We also recently published a post about the previous versions of the
dat CLI, and how the project has evolved, called “A Brief History of Dat.”
Dat Overview #
Dat is a command-line tool that we have been developing as an open source project with input from scientific research partners over the past two years. The pilot users have so far been in the fields of astronomy, bioinformatics, and neuroscience. These fields are becoming heavily data-based (e.g. digital imaging from telescopes and microscopes, DNA sequencing) and tend to share their research publicly on the web. We have been in a constant cycle of research and development during this period, and have rewritten the Dat CLI four times. Each rewrite incorporates the best modules and approaches from the last iteration and presents what we hope is a more straightforward workflow. We firmly believe this iterative process is the only way we could have arrived at the conclusions that led us to the features that we’re focusing on for the 1.0 release.
Dat has been redesigned with the following goals in mind:
1. Ensure datasets can be accessed even if the original data source becomes unavailable #
The key principle is to let anyone who has data share it with anyone who wants that data, in an automated and decentralized way. This makes it possible to create many copies of data, so that if the original provider disappears, other providers can take their place.

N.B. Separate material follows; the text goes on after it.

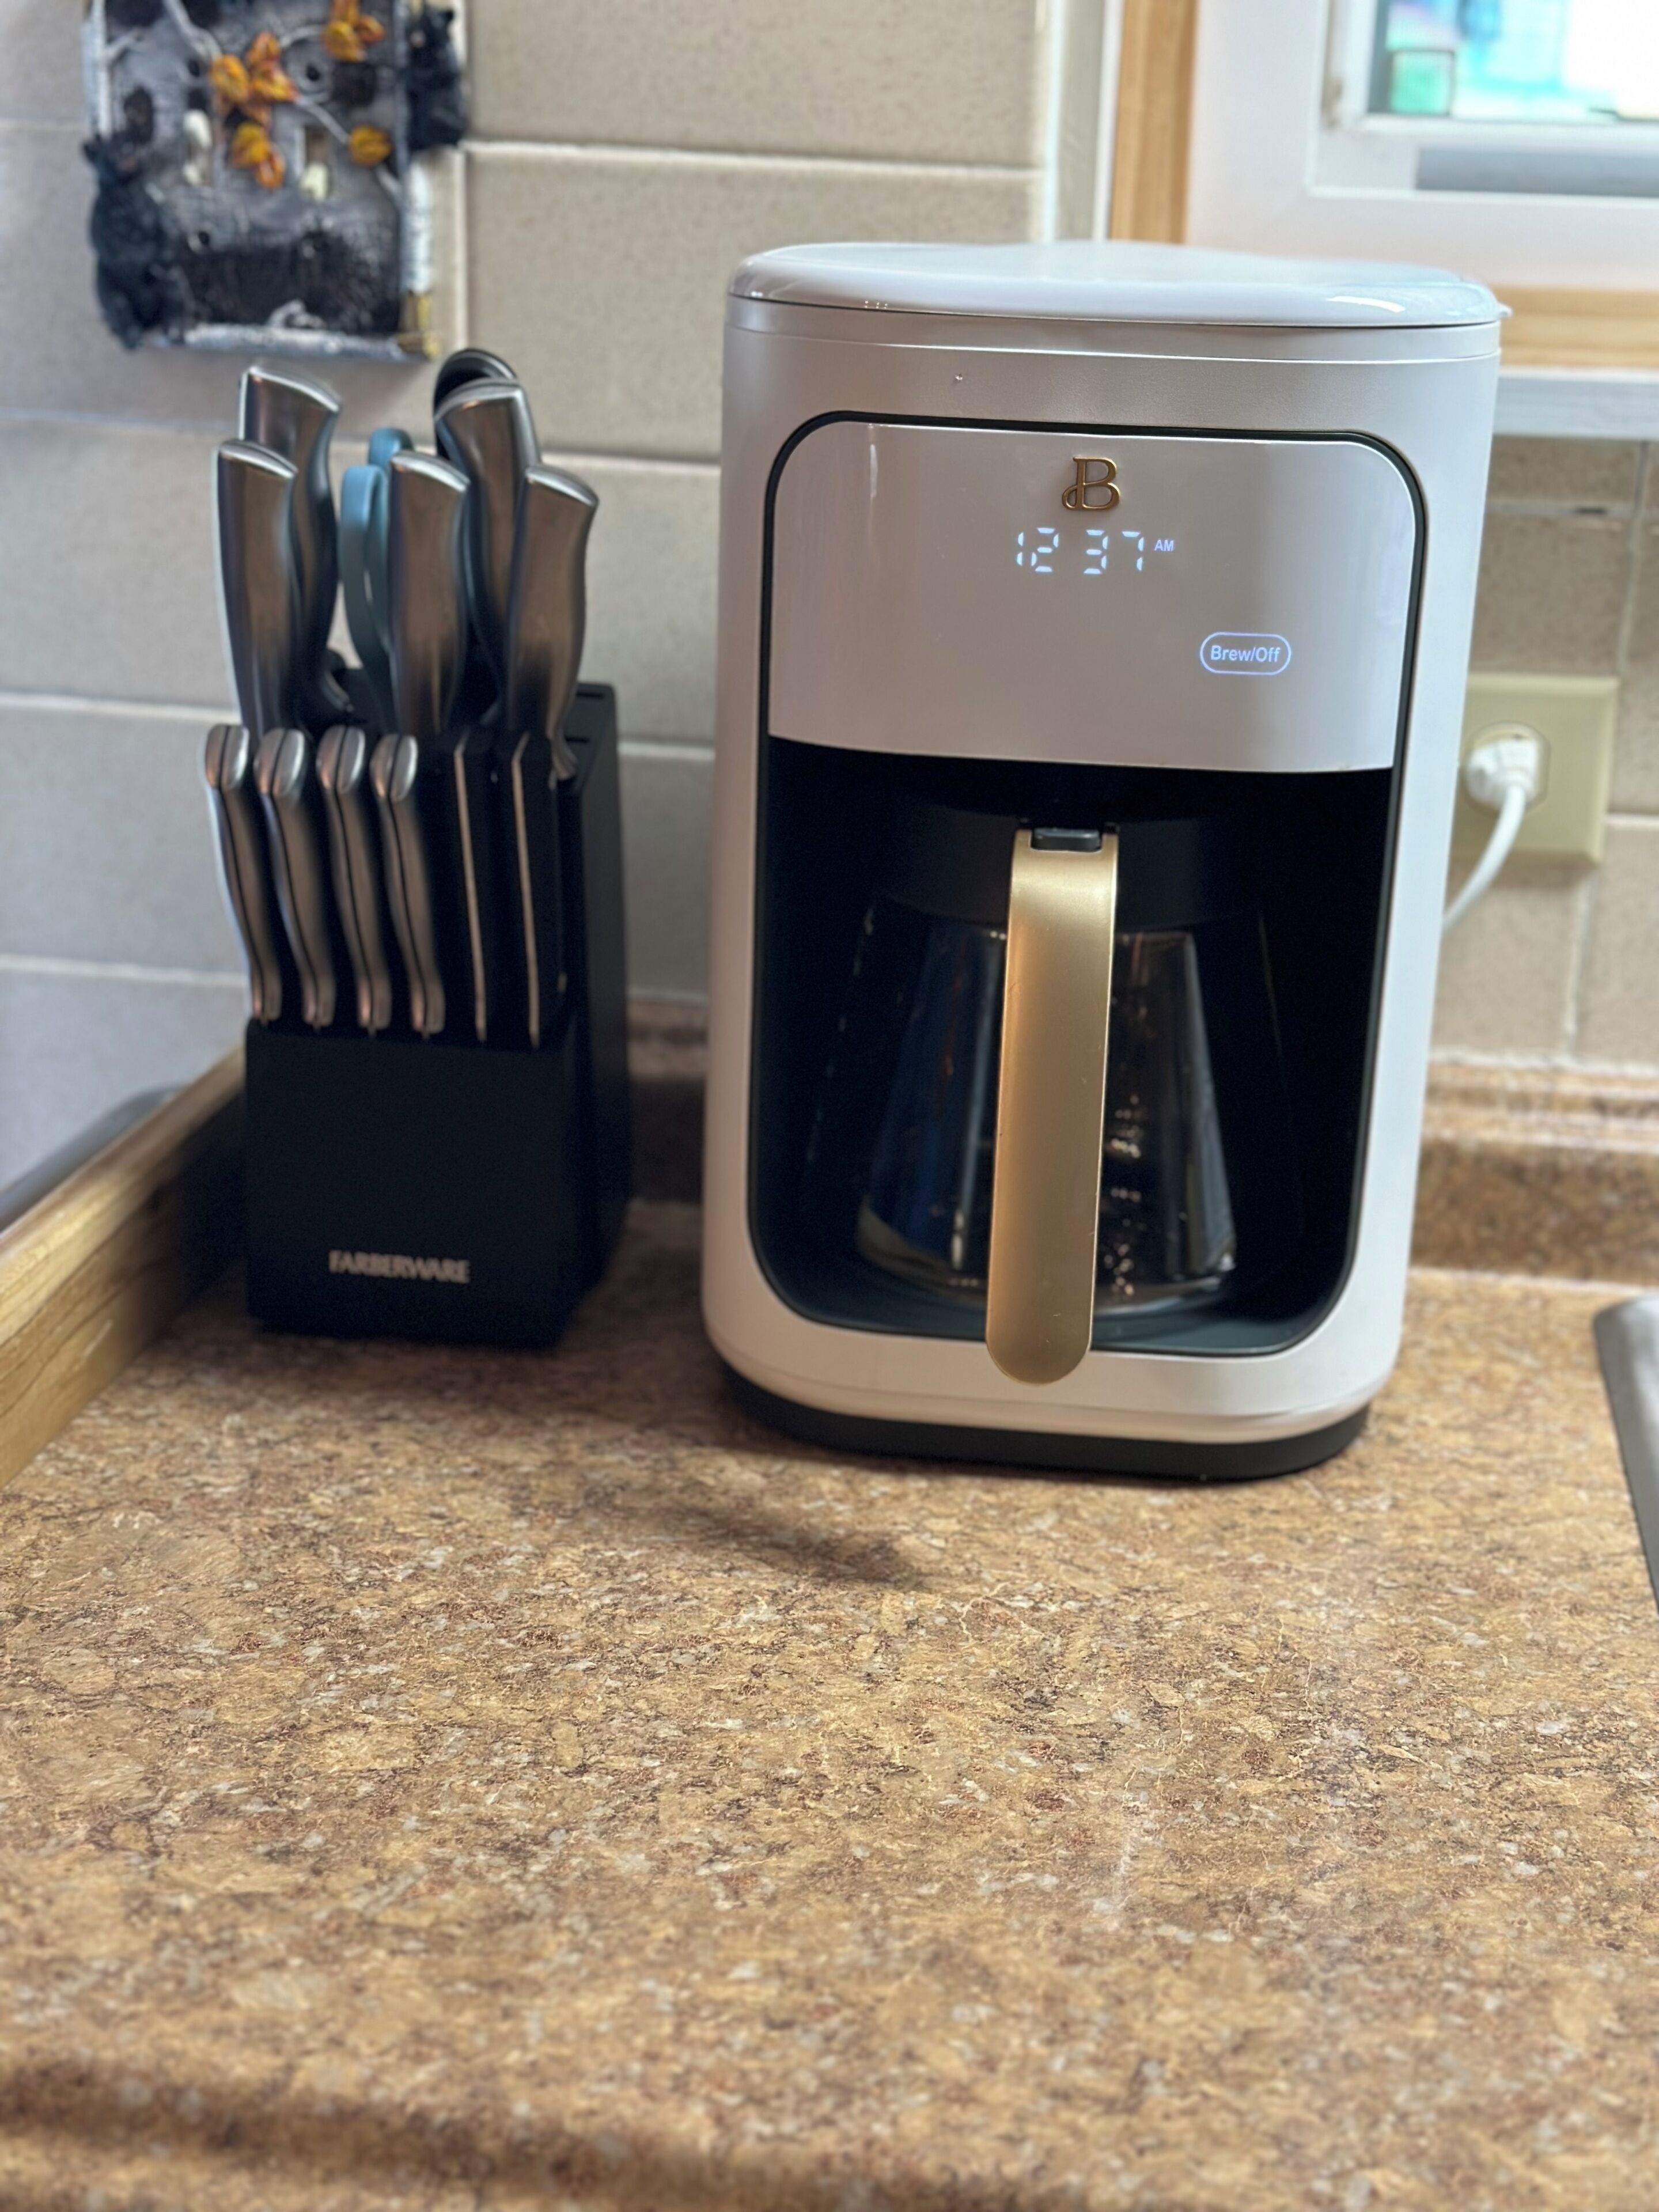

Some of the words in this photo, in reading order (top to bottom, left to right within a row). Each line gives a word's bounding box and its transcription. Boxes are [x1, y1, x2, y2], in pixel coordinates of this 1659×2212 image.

We are pursuing partnerships with cloud storage companies, academic institutions, and internet freedom organizations to ensure there will be “super-sharer” nodes available, with lots of reliable storage and bandwidth. We will also be building an open-source registry service, funded by a generous grant from the John S. and James L. Knight Foundation.
2. Make available all versions of all datasets #
A drawback of existing peer-to-peer file sharing tools is that they lack the ability to dynamically update a dataset or access previous versions of a dataset. This is key for reproducibility of data, a huge issue in science. Every time a Dat repository is shared, Dat uses cryptographic fingerprinting of the files to ensure others will get exactly the same data. Peers that wish to host previous versions of data may do so at the cost of more storage space.
3. Fast dataset transfer speeds at reduced cost #
Downloads are frequently bandwidth-limited, either explicitly by the server or by the nature of clogged single-socket connections. We maximize transfer speeds by downloading in parallel from a swarm of nodes. Because we use Rabin fingerprinting (similar to rsync) Dat updates datasets by transferring only the data that changed. These two optimizations increase download bandwidth and reduces bandwidth costs, especially in cases where large datasets change only slightly between versions.
The new API is very simple. It comes with only two commands: one for sharing data, and one for downloading data.
Sharing data with
dat link #
dat link will create a unique hash for your data, and then serve it using our peer-to-peer network. This hash is generated from the contents of your files—if you change any files, the hash will change. In the future, we plan on creating feeds that will allow users to publish updates to old data, informing peers of newer versions, like Git.
$ dat link Creating share link for 19 files, 3 folders, 13.8 MB total Link: dat://a53d819bdf5c3496a2855df83daaac885686cac4b0bccfc580741b04898e3b32 Sharing data on port 3282, connected to 0/2 peers
Downloading data with
To download the data shared by someone else, you can simply type
dat <some-dat-link> and dat will traverse the peer to peer network, connect to anyone else that has a copy, and download the data directly from all of them simultaneously. File metadata and contents do not travel over any centralized servers—it flows directly from the peers to your computer. Peers are discovered using either DNS, the BitTorrent DHT, or WebRTC with the desktop app.
$ dat dat://a53d819bdf5c3496a2855df83daaac885686cac4b0bccfc580741b04898e3b32 Downloaded 1/1 files (4 MB/s, 13.8 MB total) Download complete, sharing data. Connected to 1/2 peers
We have built a variety of modules to support dat’s wide range of use cases.
- hyperdrive: The file sharing protocol dat uses to distribute files and data.
: This is the module that dat uses to find peers on the local network or the internet who are sharing the same files and data that you are.
- dat-desk: A cross-platform desktop application for managing local Dats
- dat-explorer: Explore a Dat link in the browser.
- datpy: Python client for Dat
Over the last couple of years we’ve come up with a long list of things we want to use Dat to build. Dat will be a stable building block that anyone can use for a variety of applications and use cases, such as: structured data like CSVs or database tables; reproducible code environments using containers; mounting filesystems to capture file changes; an open source file sharing app along the lines of Dropbox/BitTorrent Sync; deploying code and data to a compute cluster…the list goes on. We are excited to see what the community will build in the coming months.
It’s almost production-ready, please help us get it over the finish line!